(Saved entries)
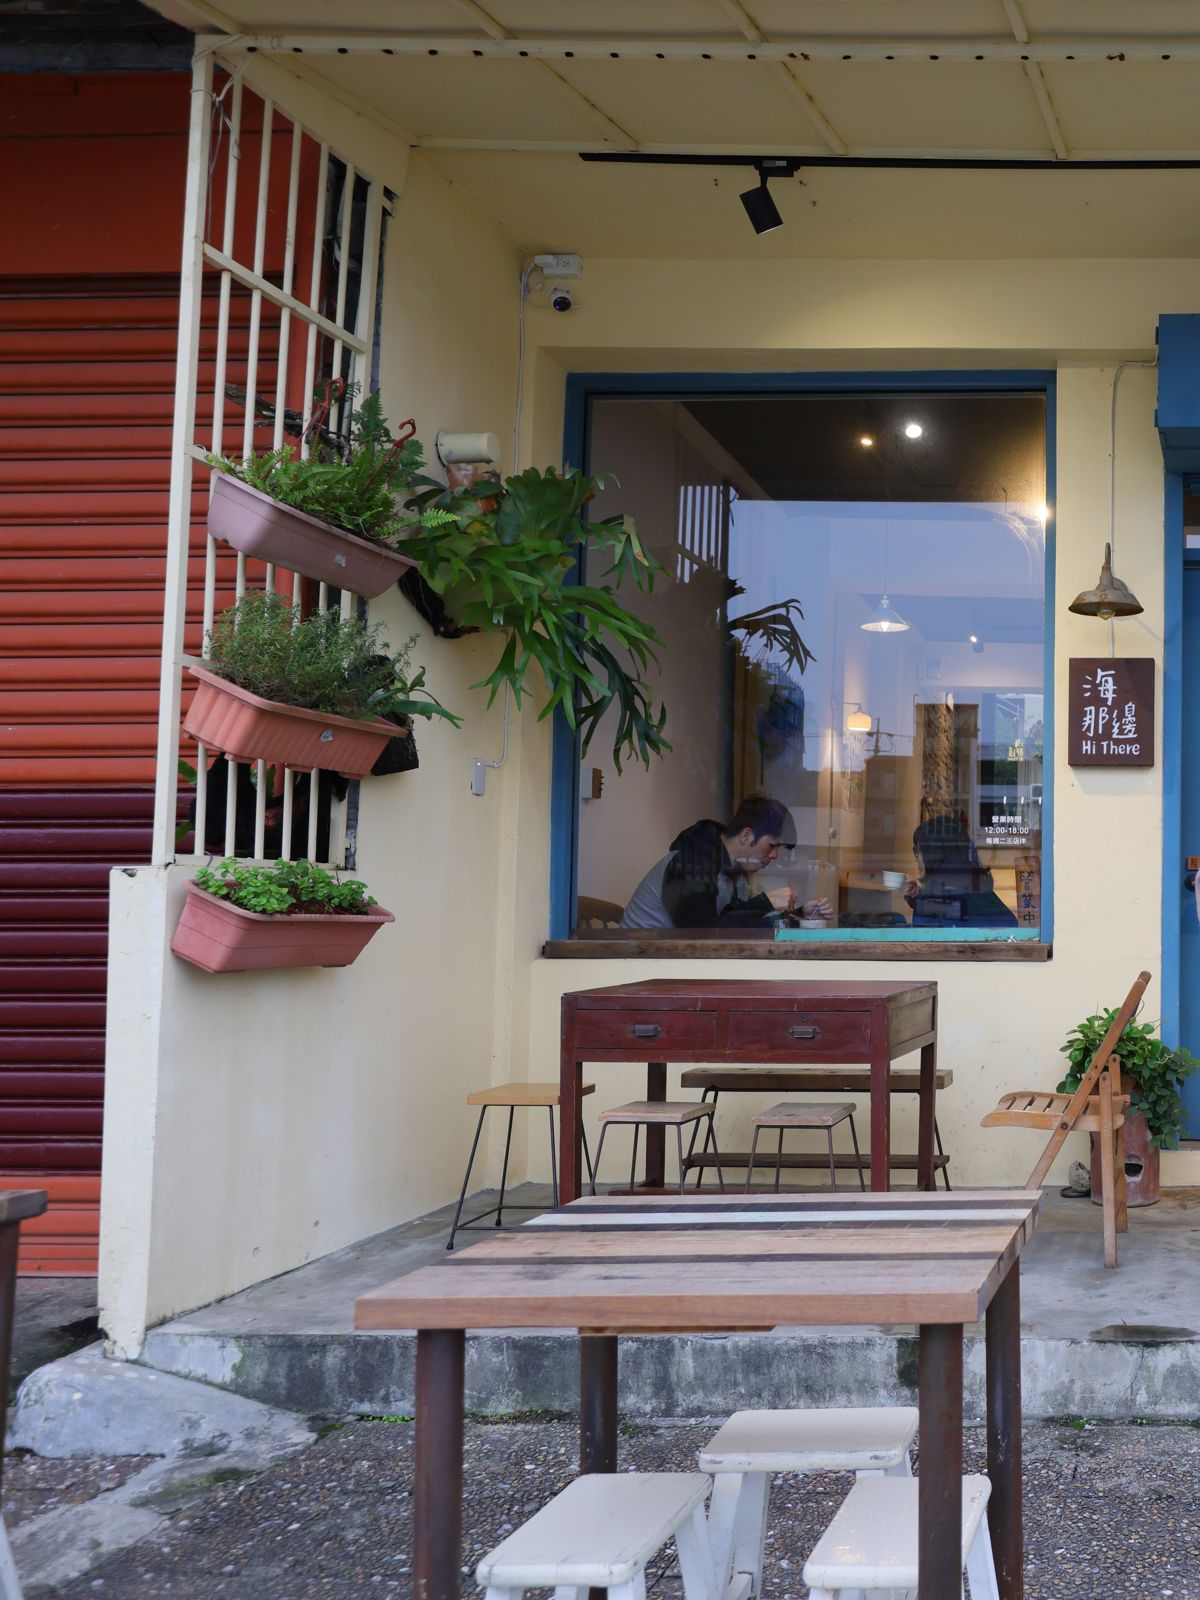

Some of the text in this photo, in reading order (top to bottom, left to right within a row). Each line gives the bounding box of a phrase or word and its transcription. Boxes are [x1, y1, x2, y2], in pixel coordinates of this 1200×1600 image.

[1082, 740, 1140, 755] Hi There
[984, 826, 1029, 834] 12:00-18:00
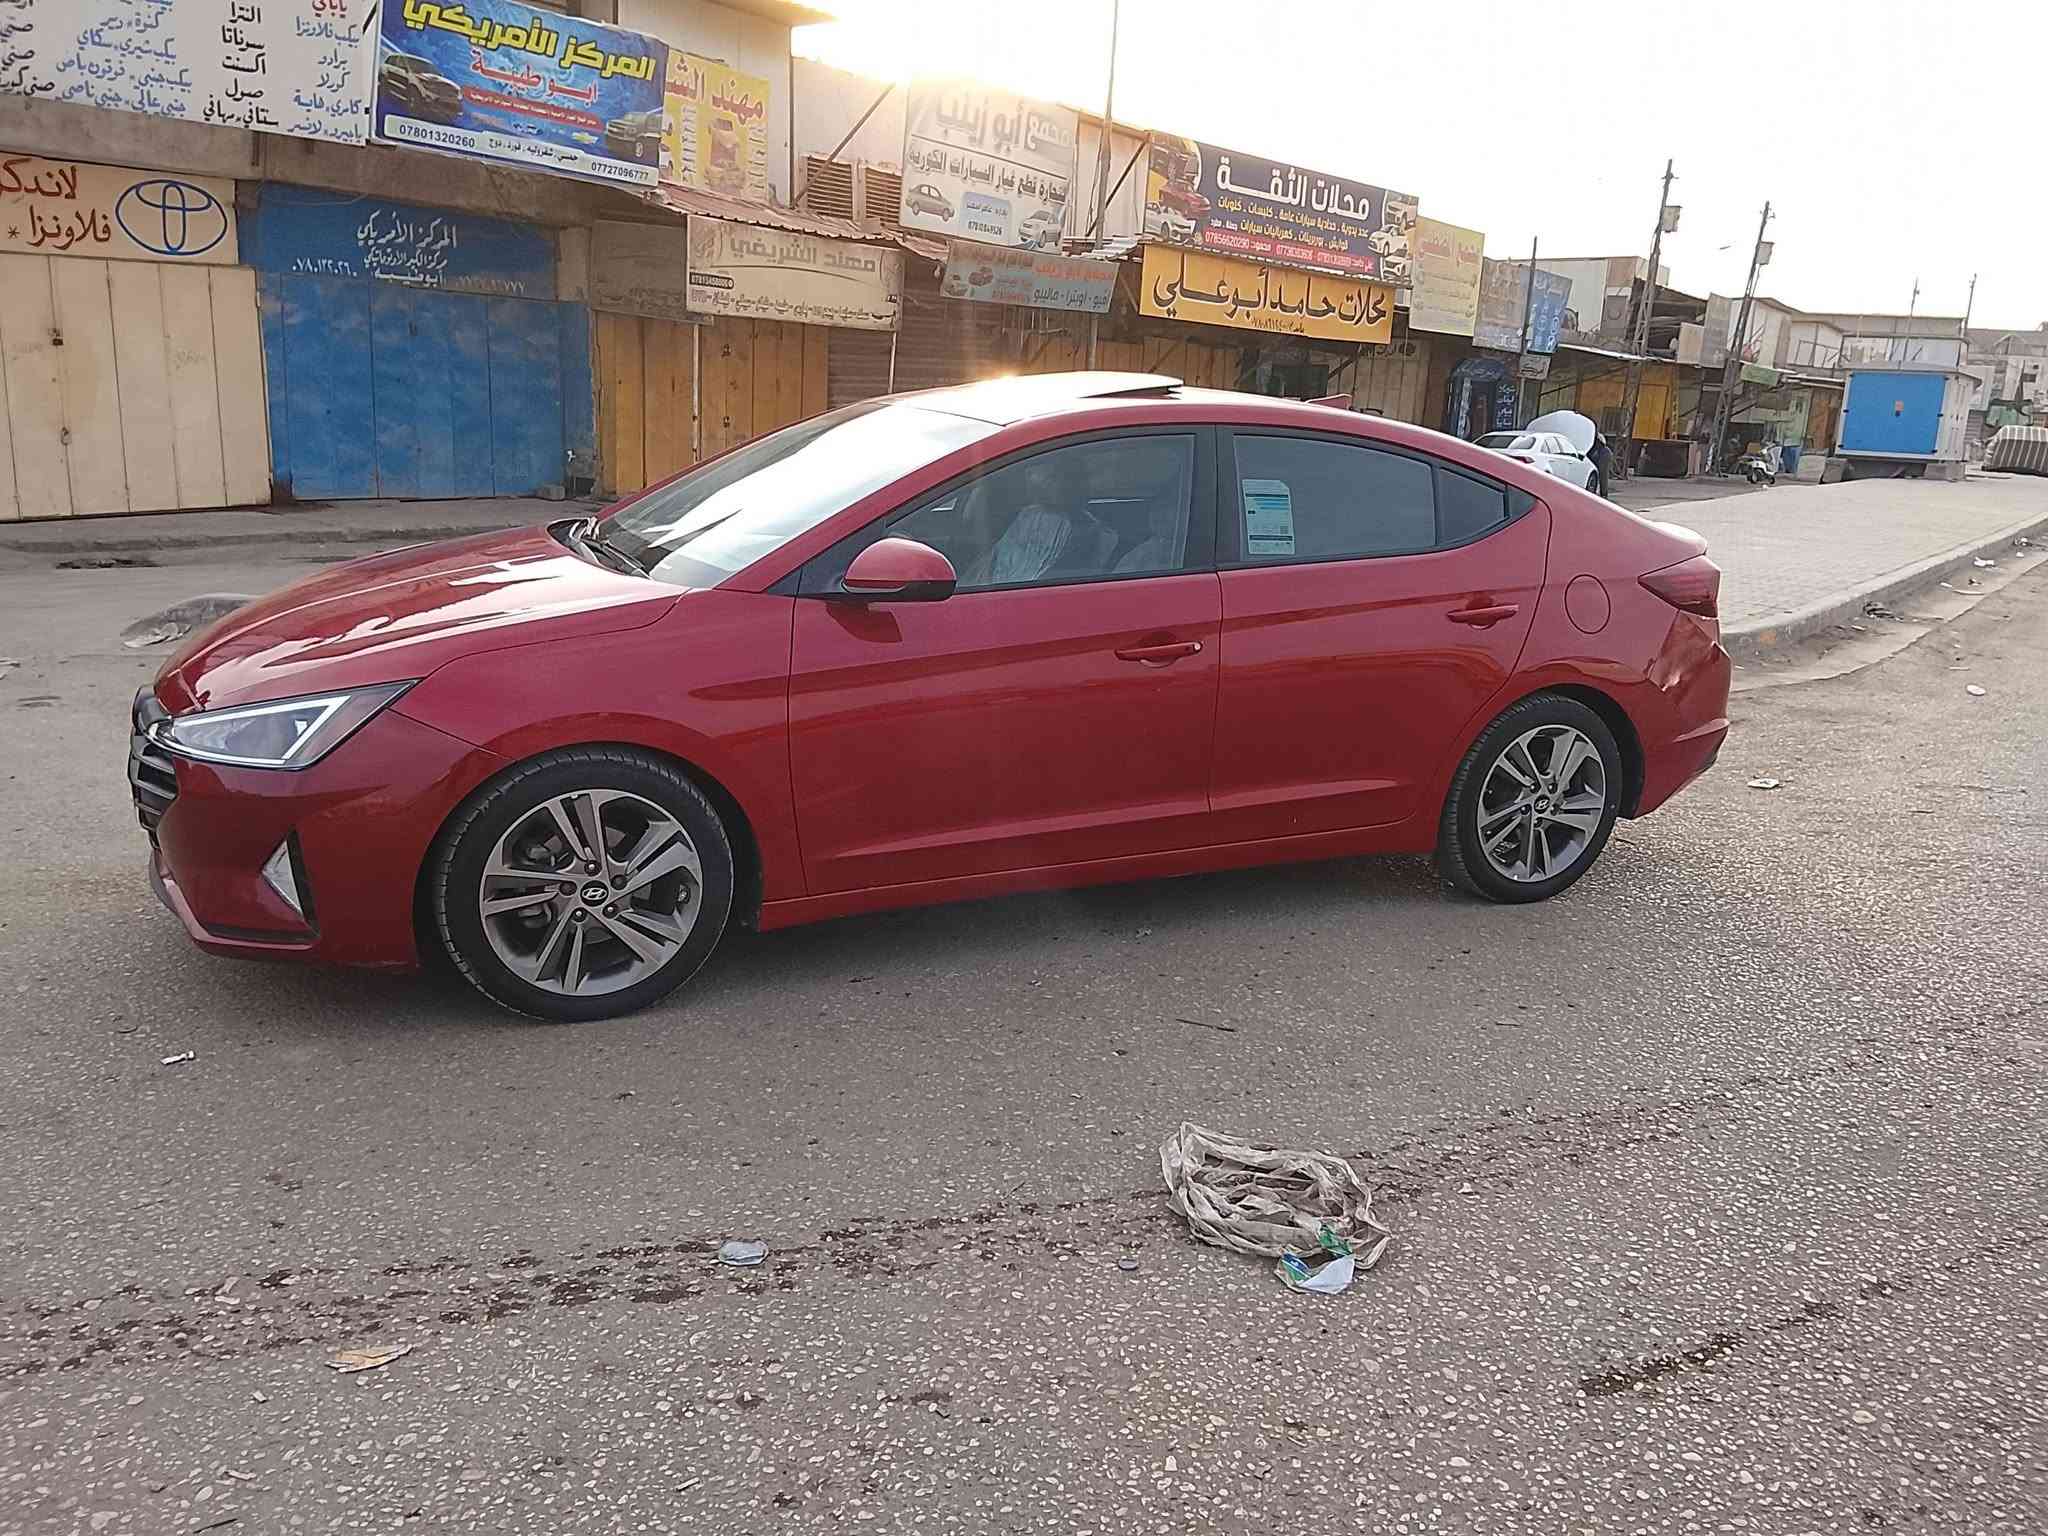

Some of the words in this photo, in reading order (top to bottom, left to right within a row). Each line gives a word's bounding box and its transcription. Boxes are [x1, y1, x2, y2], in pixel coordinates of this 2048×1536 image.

[222, 25, 265, 51] سوناتا
[403, 0, 557, 58] الأمريكي
[222, 52, 266, 74] اكسنت
[559, 38, 658, 82] المركز
[225, 78, 265, 102] صول
[399, 124, 476, 148] 07801320260
[0, 157, 79, 200] لاندك
[1216, 155, 1308, 208] الثقة
[1311, 179, 1370, 221] محلات
[26, 203, 113, 250] فلاونزا
[356, 208, 415, 247] الأمريكي
[415, 217, 457, 250] المركز
[1269, 275, 1338, 319] حامد

▶ EXERCISE DESCRIPTION
Retype the whole of the data verbatim. Skip every picture.

▶ WRITTEN SOLUTION
Some of the text in this photo, in reading order (top to bottom, left to right within a row). Each line gives the bounding box of a phrase or word and its transcription. Boxes are [x1, y1, x2, y2], in pixel coordinates of this 1200×1600 image.

[1082, 740, 1140, 755] Hi There
[984, 826, 1029, 834] 12:00-18:00

Some of the words in this photo, in reading order (top to bottom, left to right within a row). Each line gives a word's bounding box and its transcription. Boxes are [x1, y1, x2, y2], in pixel coordinates of this 2048×1536 image.

[222, 25, 265, 51] سوناتا
[403, 0, 557, 58] الأمريكي
[222, 52, 266, 74] اكسنت
[559, 38, 658, 82] المركز
[225, 78, 265, 102] صول
[399, 124, 476, 148] 07801320260
[0, 157, 79, 200] لاندك
[1216, 155, 1308, 208] الثقة
[1311, 179, 1370, 221] محلات
[26, 203, 113, 250] فلاونزا
[356, 208, 415, 247] الأمريكي
[415, 217, 457, 250] المركز
[1269, 275, 1338, 319] حامد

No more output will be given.